On 09/30/2016 10:55 PM, Amos Jeffries wrote:
> On 1/10/2016 6:10 a.m., Alex Rousskov wrote:
>> On 09/30/2016 10:58 AM, Amos Jeffries wrote:
>>> On 1/10/2016 5:09 a.m., Alex Rousskov wrote:
>>>> On 09/30/2016 09:38 AM, Amos Jeffries wrote:
>>>>> So I think we can start using these to replace old C-style
>>>>> initialization and clear() functions.
>>
>>>> Agreed. I wonder whether we should be consistent -- if some class data
>>>> members cannot use default initialization and some can, should we
>>>> initialize _all_ members in the constructor(s)?
>>
>>> I was aiming towards that some years ago. But reality turned out to be
>>> that some of the bigger classes had annoyingly long lists of members to
>>> initialize, many of which did not exactly need it. And no compiler or
>>> static checking detects patches that forget to set one if it was a
>>> complex class with own default constructor (like our Pointer types,
>>> which were frequently missed).
>>
>> Sorry I was not clear. I was not proposing a one-size-fits-all approach
>> that you were trying to enforce some years ago. The consistency I was
>> talking about has a single class scope. In other words:
>>
>> * If, for a specific class C, some C members cannot use default
>> initializers, then none of the C members should use default initializers.
>>
>> Is that a good rule? Do we need a rule here?
> 
> What we have now is to do the work to cleanly and properly avoid
> uninitialized members on the build testing. But to treat other members
> which handle themselves as optionally initialized.
> 
> That is sufficient, automatically testable (-Wuninitialized), and can be
> applied as a blanket rule instead of trying to remember where its used
> and where not.
> 
> If one wishes to go around adding needless entries to constructor lists,
> one is free to do so. But it is really pointless work and wasted lines
> of code.
> 
>>
>>> So these days I'm only setting the basic POD type members explicitly on
>>> construct.
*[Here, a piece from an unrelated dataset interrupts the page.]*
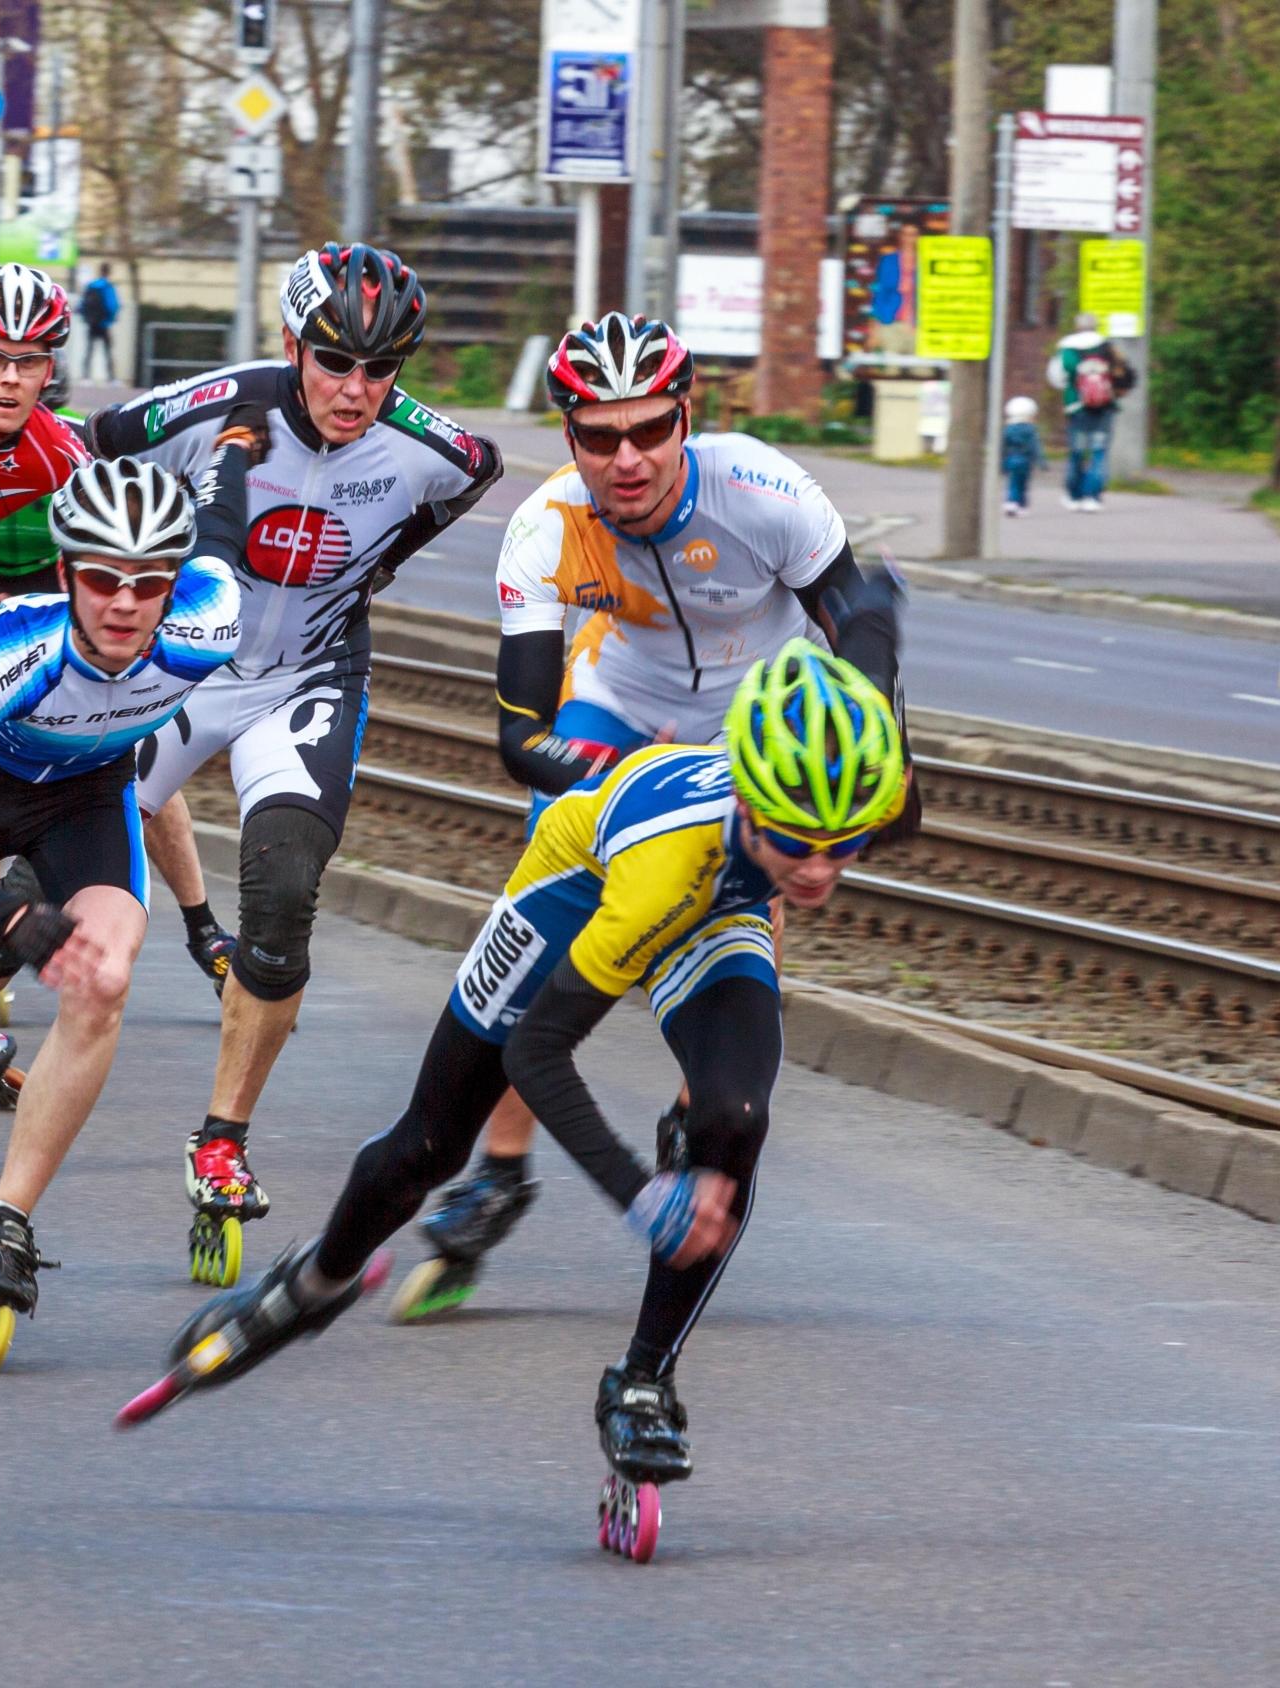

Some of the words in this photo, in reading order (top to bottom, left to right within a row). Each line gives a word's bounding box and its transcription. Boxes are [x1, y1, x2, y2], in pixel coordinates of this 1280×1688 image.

[258, 524, 313, 552] LOC
[162, 623, 205, 640] SSC
[26, 714, 79, 727] SSC
[463, 909, 534, 1013] 30026
If we can set them like this and skip defining a default
>>> constructor entirely that would be even better for shrinking the code.
>>
>> Sure, but the consistency I am worried about is about a different case
>> where we cannot avoid defining a constructor because some members
>> require non-constexpr initializers.
> 
> In that case it is optional whether the code explicitly says what the
> compiler will do anyway.
> 
> We might be pushed into that position by "Big 3" or "Big 5"
> requirements. But as optional we can deal with all them case-by-case.

Unfortunately, I see no correlation between my question and your
response. Dropping the topic as not important enough to continue this
discussion. Thus, no new rules [for the new/changed code] for now.

Alex.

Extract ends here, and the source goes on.